And the journey never ends for us. There are always new paths to take, new people that we include on our journey, and new ideas that change our resolve. I must say that this past semester has rocked every notion of education I have had before to its very core. For the first time ever I look at the new trend of ‘fanfiction’ as an avenue for expression, or that video games can truly change the world. I’ve never felt so sure about something I’ve believed in ever before until I took this class. For the first time, in a long time, I saw realization flash in someone’s eyes as I explained video game theory. In those moments I hushed realizing that I had changed someone’s views and strengthened my resolve in what I believed in. It was a semester of reading and breaking down things that changed everything I thought or understood about education.

I would start with Szwed but I’ll be honest when I say he wasn’t the one that changed my mind about education. In reality I would start with Deborah Brandt whose writing about sponsors changed everything about what access was to me. Voices and ideas now exist in an environment with the ability of total lock down (bills like SOPA and PIPA). This is where my views began to change as from then on my views of what literacy was changed drastically. It was furthered by the Ted talk and writings of Jane McGonigal whose voice and strength makes me believe this message of video games and how they can change the world, has ground.

The course itself had many aspects that I loved. This here, the blogs, was probably one of the most interesting things to do as an English major. At first I was confused because I was always so used to writing essays that writing blogs seemed so foreign to me, but as the semester continued forward I found them to be really enjoyable as areas of venting or reflecting about the reading. It just felt far more personal than just writing an essay. We were able to put our voices in these instead of just playing by the rules of a professor and learning how to play the game. This felt like building up from our own ideas and our own forms of structure.

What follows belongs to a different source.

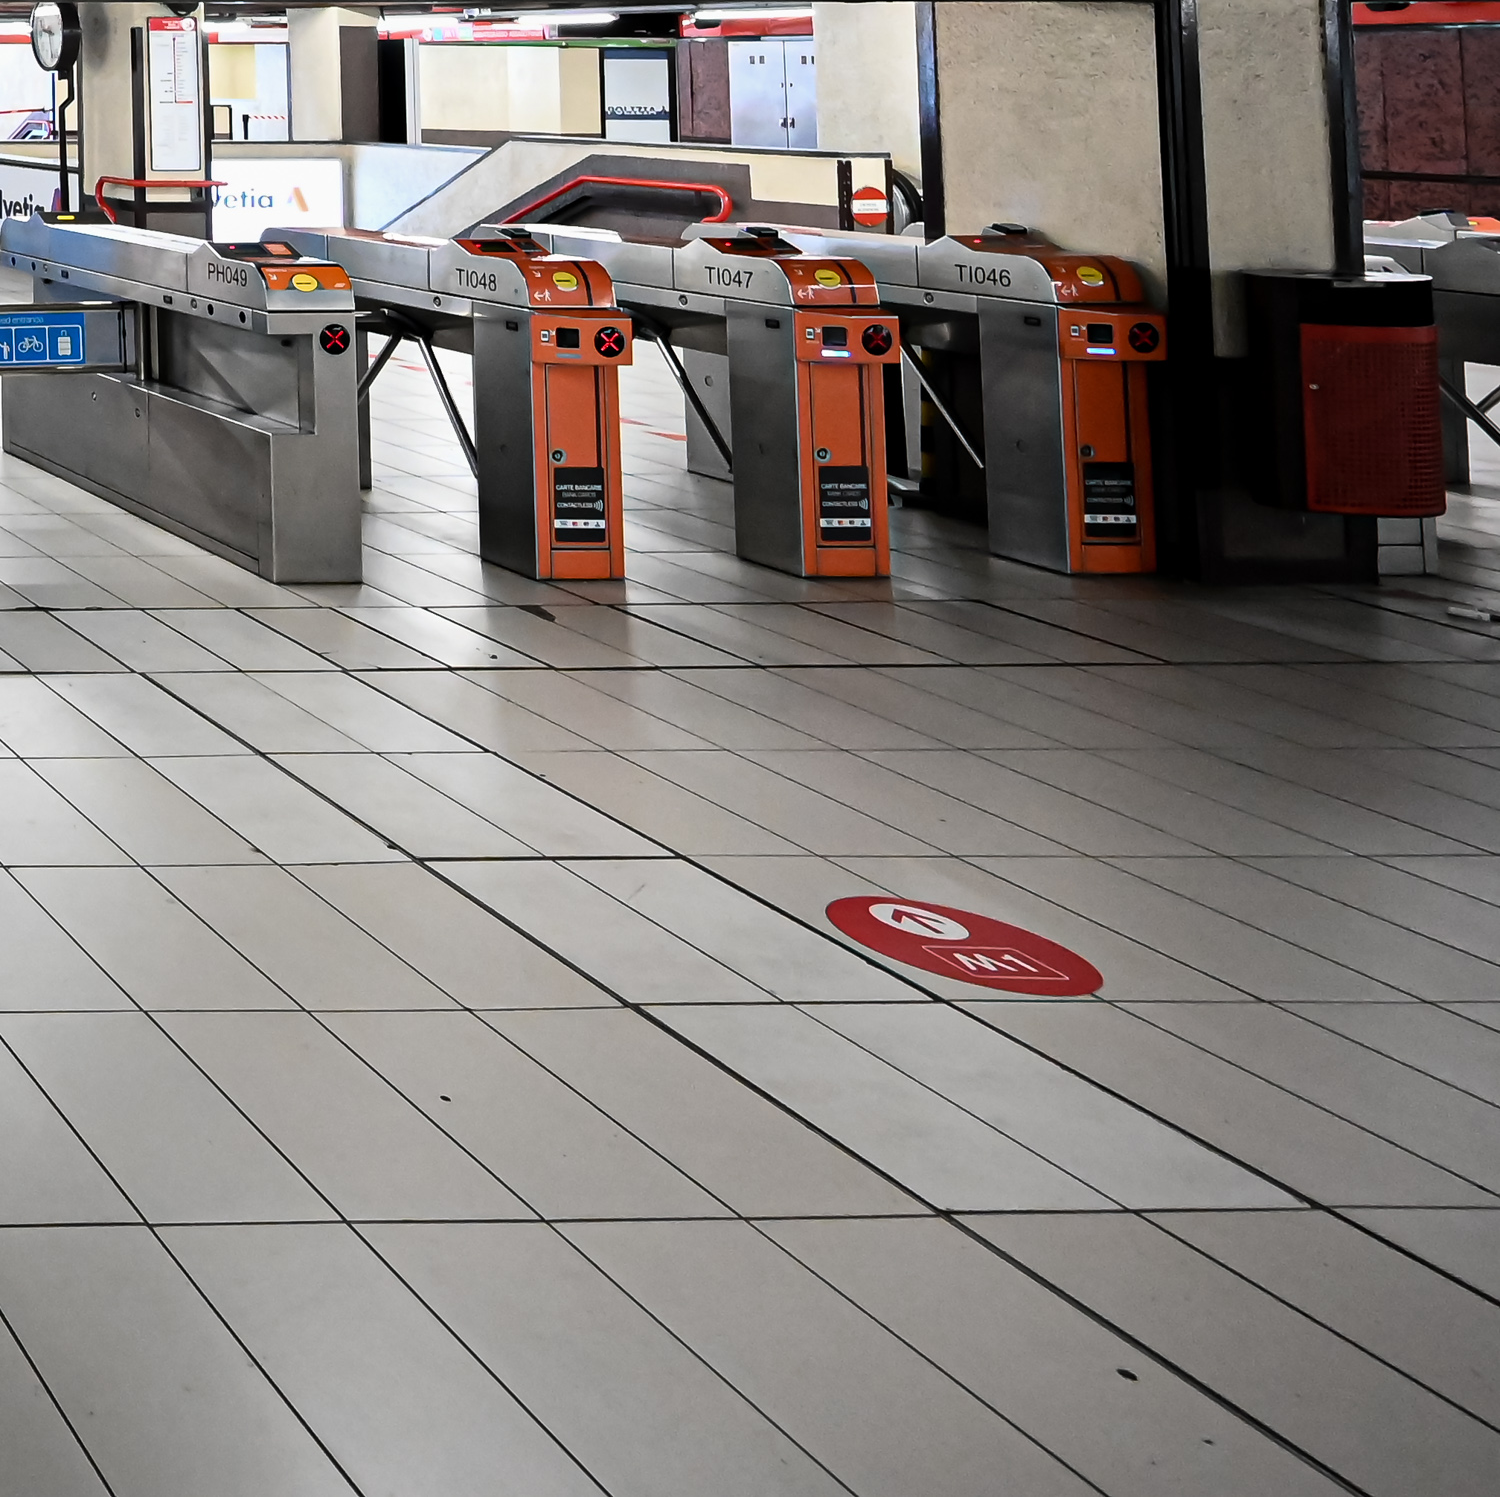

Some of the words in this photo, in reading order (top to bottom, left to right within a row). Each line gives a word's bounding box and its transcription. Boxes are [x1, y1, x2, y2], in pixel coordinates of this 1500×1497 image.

[607, 106, 657, 115] POLIZIA
[206, 262, 248, 288] PH049
[953, 952, 1039, 973] M1

I also really loved the group projects and how they operated as a form of test taking for us, yet were able to inherit the identity of masters of the subject we are studying by presenting it in front of others. This takes into account video game theory and identity when a student takes on the role of something else. In this case we are learning far more because we had to create these points of learning instead of being given points of learning to regurgitate like tests. I really enjoyed these as a new way to express what we had learned.

And so, here we are. Half a year later, many sleepless nights, too many gallons of coffee and energy drinks (that can’t be good for my health) and here we are. I would be lying if I didn’t say I hadn’t learned a lot. Honestly this has been the most hectic, fast-forwarding, exhausting, sleepless, years I’ve ever had. It has been a year, to be honest, of some nights thinking about giving up or just doing nothing, but this has been an incredible experience. It’s a year I would never give up for any other and its one that will be a staple in my life.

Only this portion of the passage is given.